-- Opening Marker --
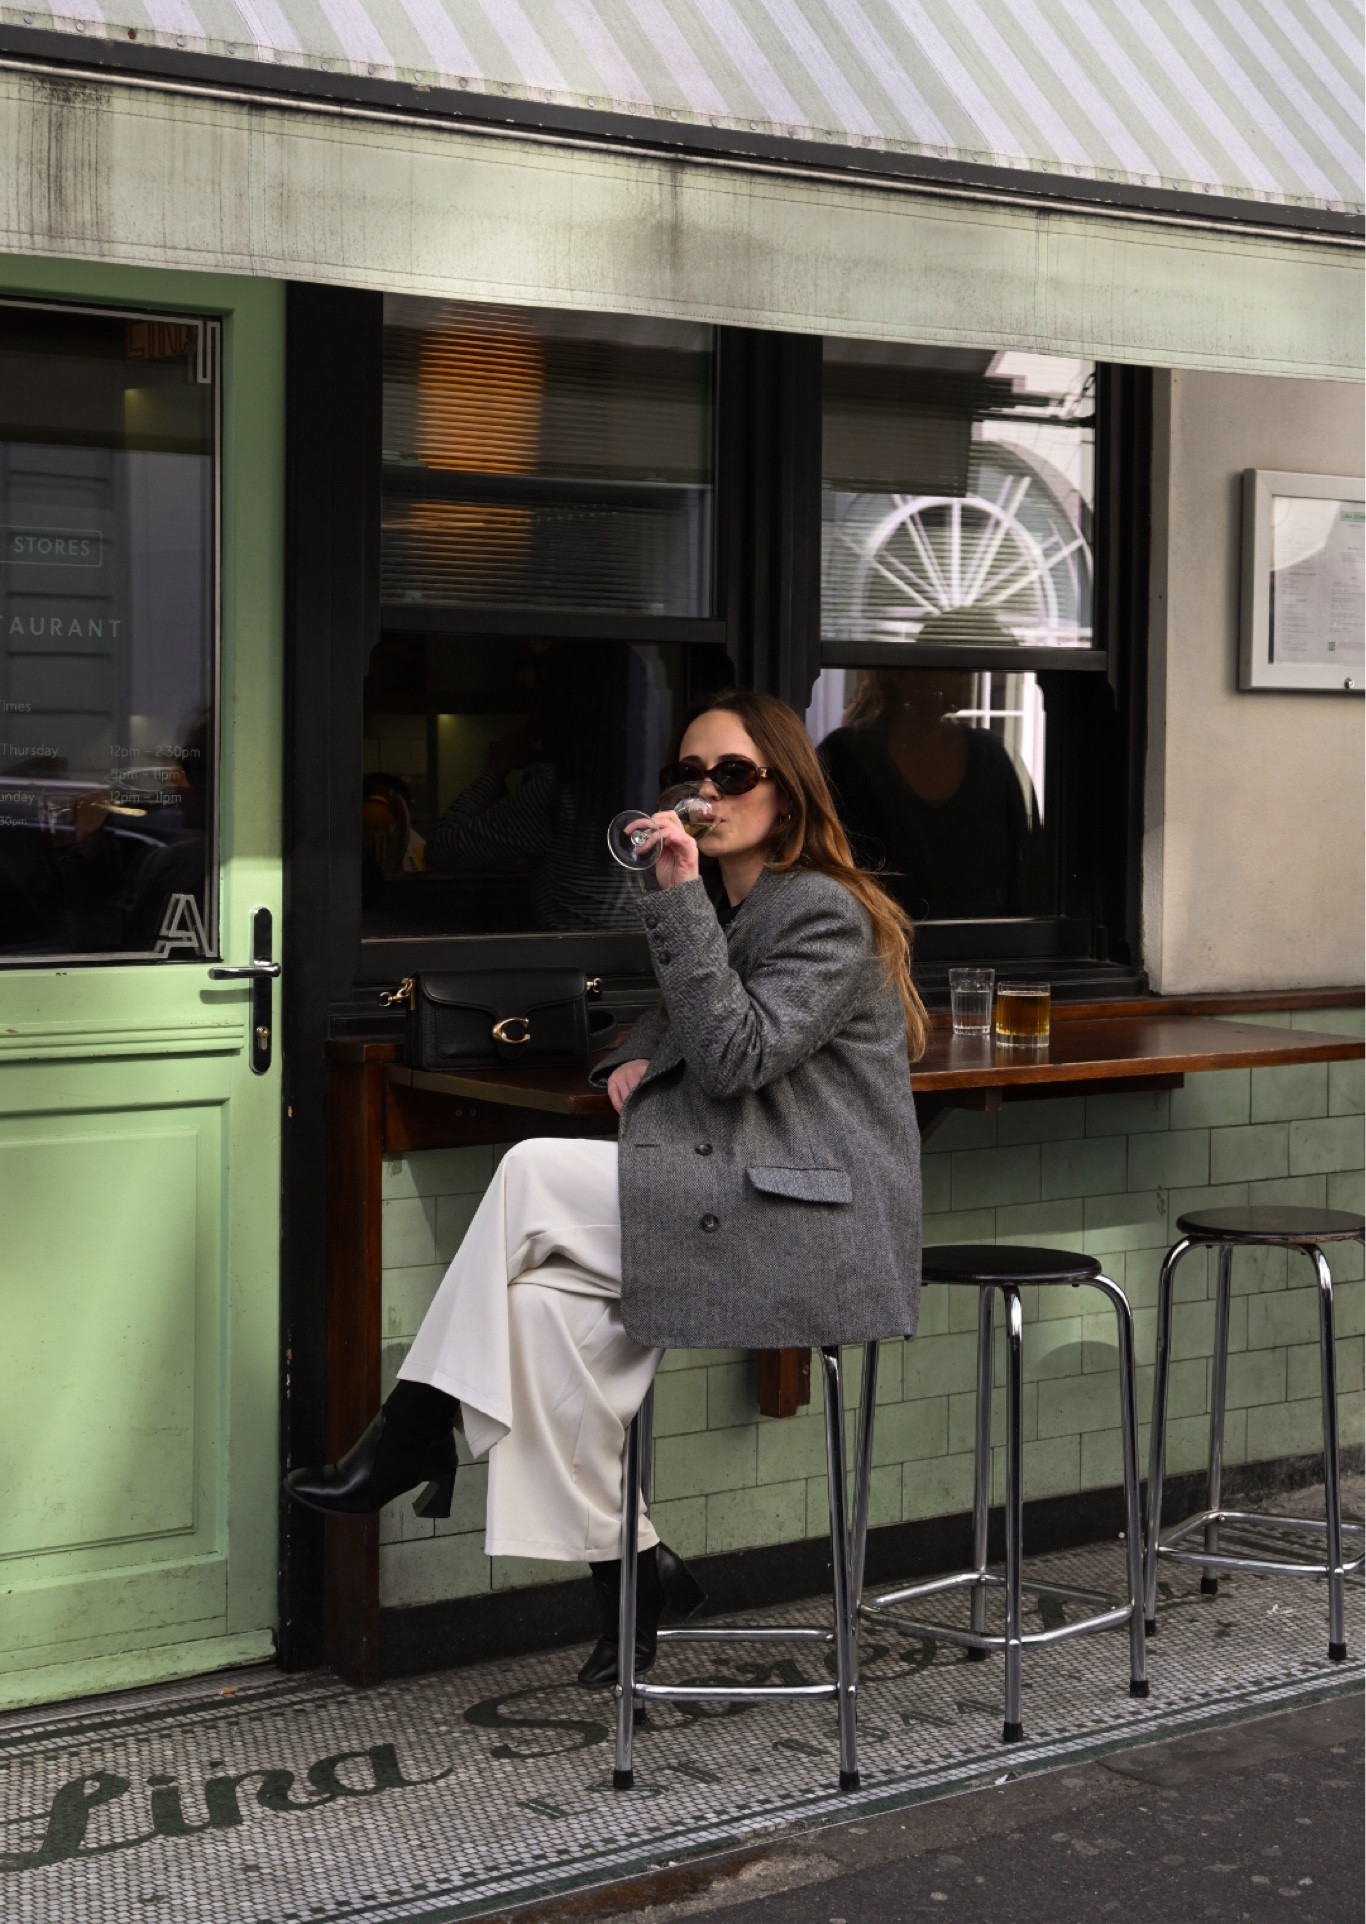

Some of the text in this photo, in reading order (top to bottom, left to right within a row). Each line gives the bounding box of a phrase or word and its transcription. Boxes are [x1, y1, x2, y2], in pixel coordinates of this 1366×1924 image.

[14, 536, 91, 557] STORES
[0, 615, 122, 638] AURANT
[0, 699, 32, 713] imes
[1, 742, 59, 760] Thursday
[110, 745, 140, 759] 12pm
[110, 791, 140, 805] 12pm
[0, 1634, 972, 1872] Lina Sores
-- Closing Marker --
**What you have to do:**
This calls for an exact copy of all the entries above, with the pictures omitted.

**Response below:**
Some of the text in this photo, in reading order (top to bottom, left to right within a row). Each line gives the bounding box of a phrase or word and its transcription. Boxes are [x1, y1, x2, y2], in pixel coordinates of this 1366×1924 image.

[14, 536, 91, 557] STORES
[0, 615, 122, 638] AURANT
[0, 699, 32, 713] imes
[1, 742, 59, 760] Thursday
[110, 745, 140, 759] 12pm
[110, 791, 140, 805] 12pm
[0, 1634, 972, 1872] Lina Sores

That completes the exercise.